Plans To Move Up To 1,000 Migrants From Notorious ‘Jungle’ Camp In Calais

Calais
PHILIPPE HUGUEN/AFP/Getty Images

Local French government authorities said Friday they want to move up to 1,000 migrants living in the notorious Jungle camp in the port town of Calais.

“The time has come to move on, no one must live in the southern part of the camp, everyone must leave this section,” said Fabienne Buccio, the national’s government local representative, estimating some 800 to 1,000 migrants would be affected.

Buccio said that government representatives would on Monday visit migrant communities “to explain” the plans.

“We will give them a week to take up places that will be made available,” she added.

Some 4,000 migrants, most of them from North Africa, the Middle East and Afghanistan, live in the makeshift camp from where they launch their often desperate efforts to reach Britain, across the Channel.
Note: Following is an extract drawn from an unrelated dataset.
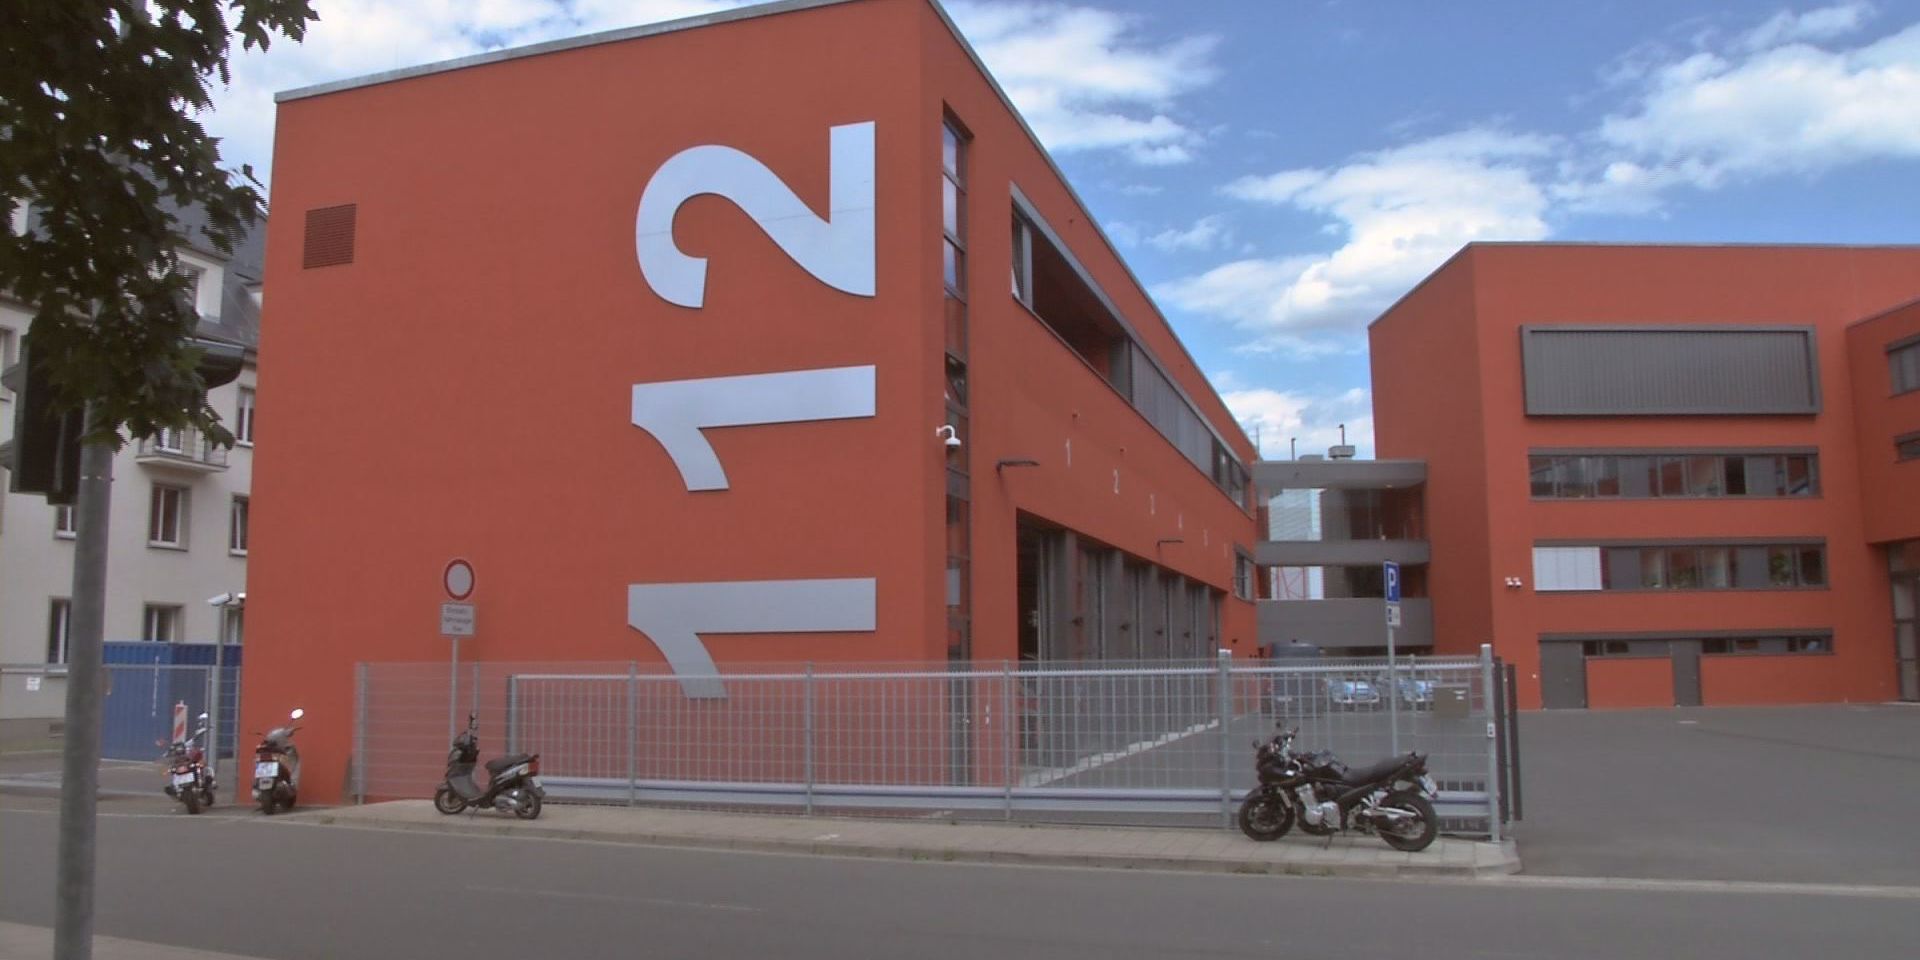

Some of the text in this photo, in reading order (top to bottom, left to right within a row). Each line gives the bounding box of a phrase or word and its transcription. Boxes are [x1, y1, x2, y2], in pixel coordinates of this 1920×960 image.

[628, 121, 876, 699] 112
[1112, 469, 1120, 494] 2
[1387, 567, 1397, 597] P
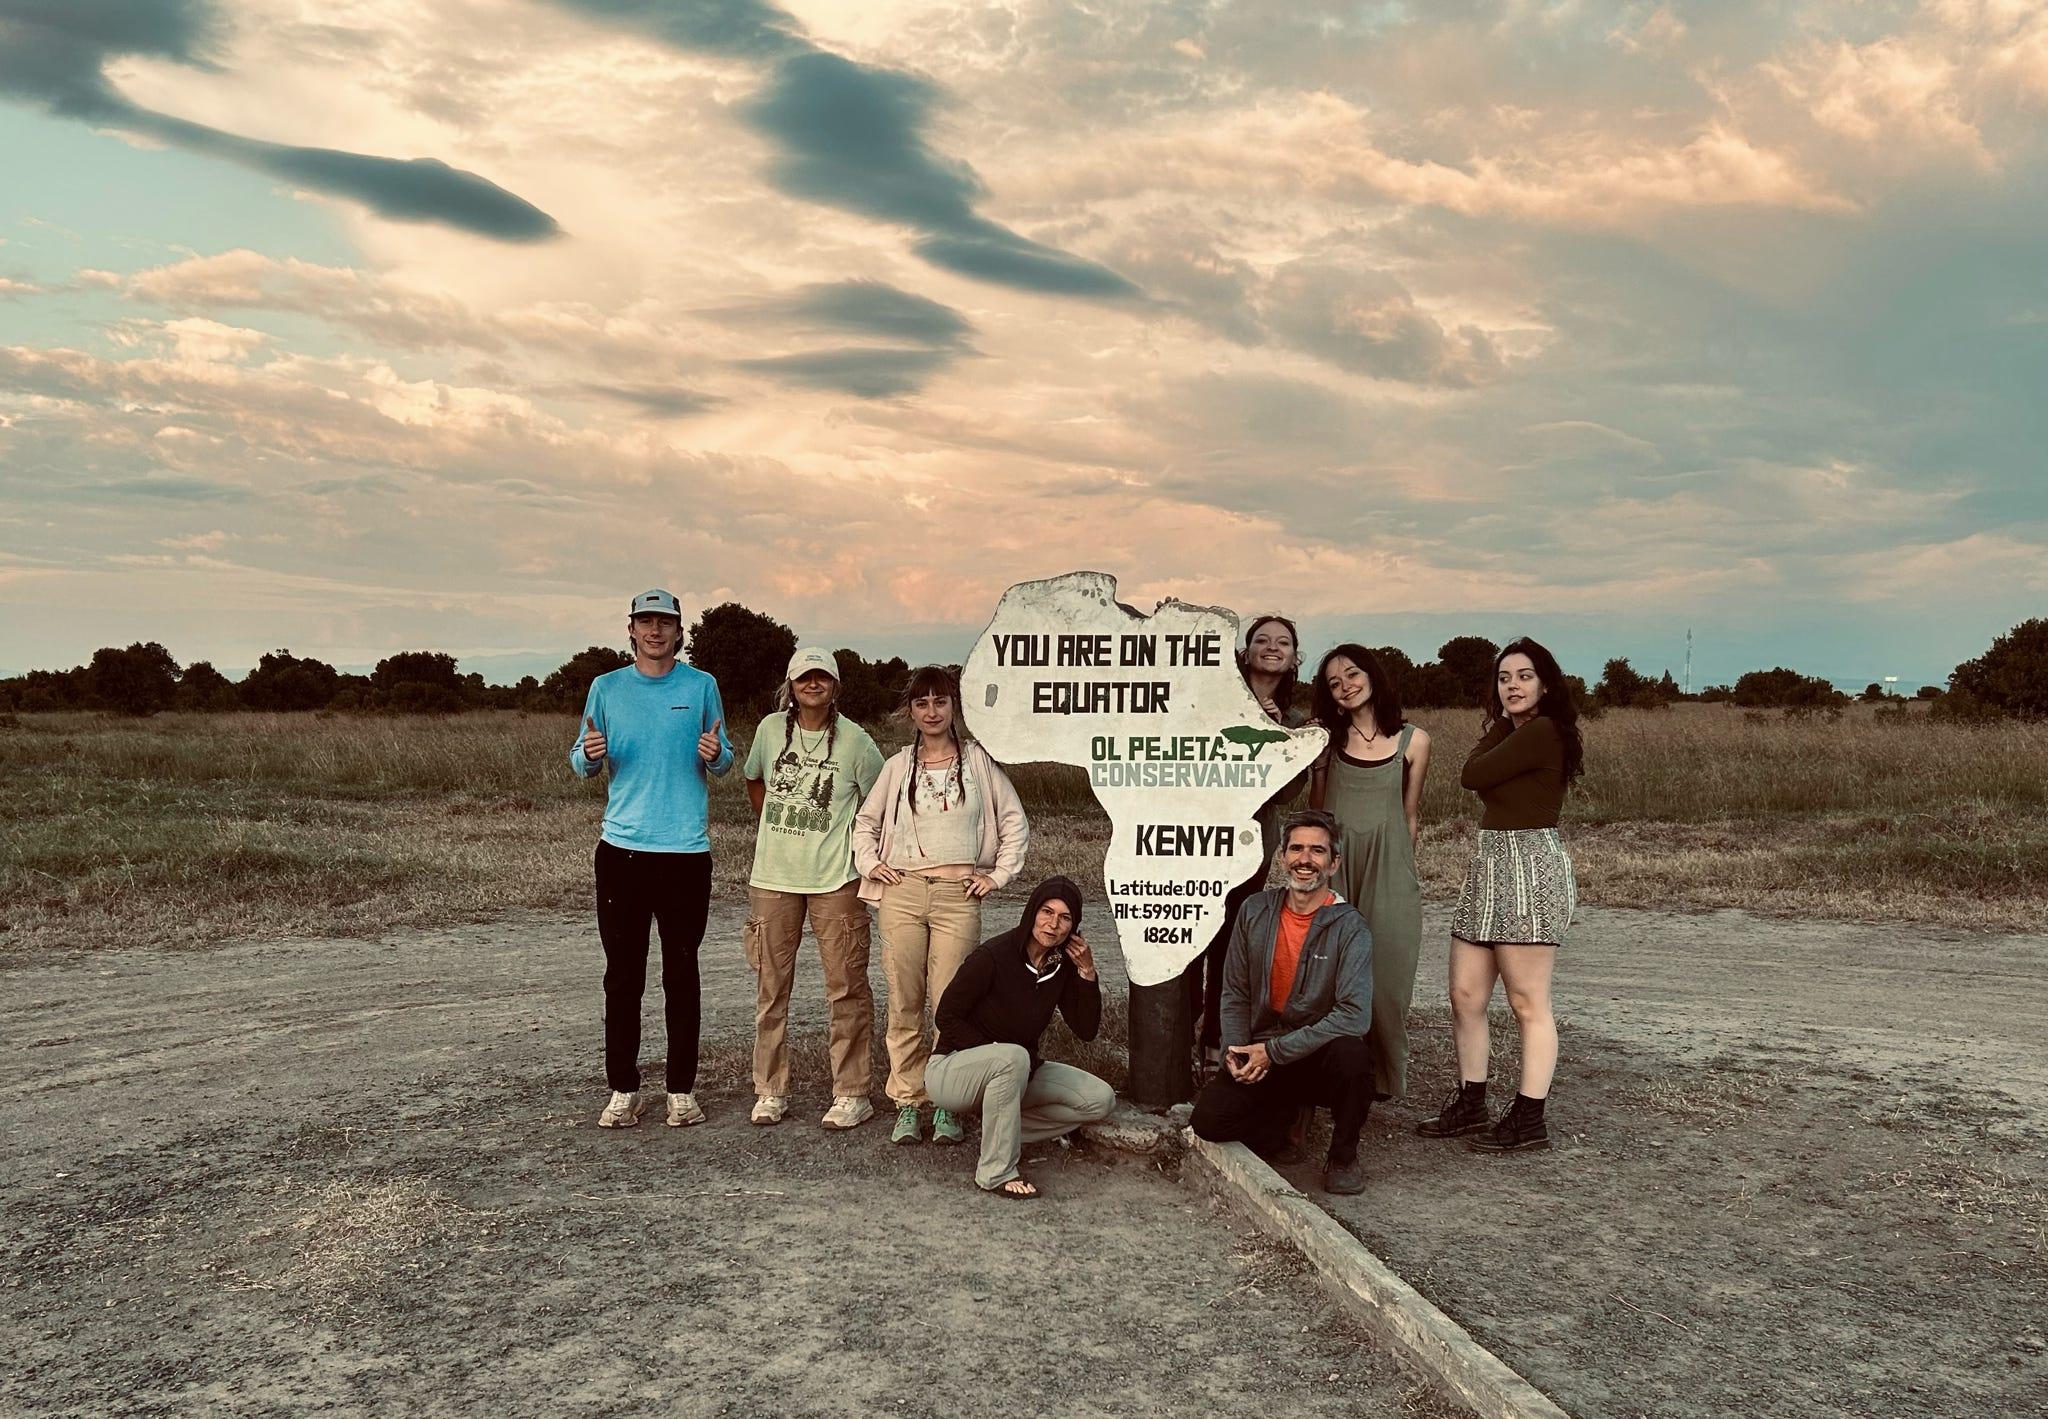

Their presence has become a political hot potato both within France and between Paris and London.

As winter set in, a new centre of 125 converted shipping containers was set up to house 1,500 migrants in better conditions, including heating and sockets for electricity.

However many migrants have been opposed to moving into the containers — which required their palm prints to be taken to move in and out — fearing it could impede their efforts to reach Britain and apply for asylum there.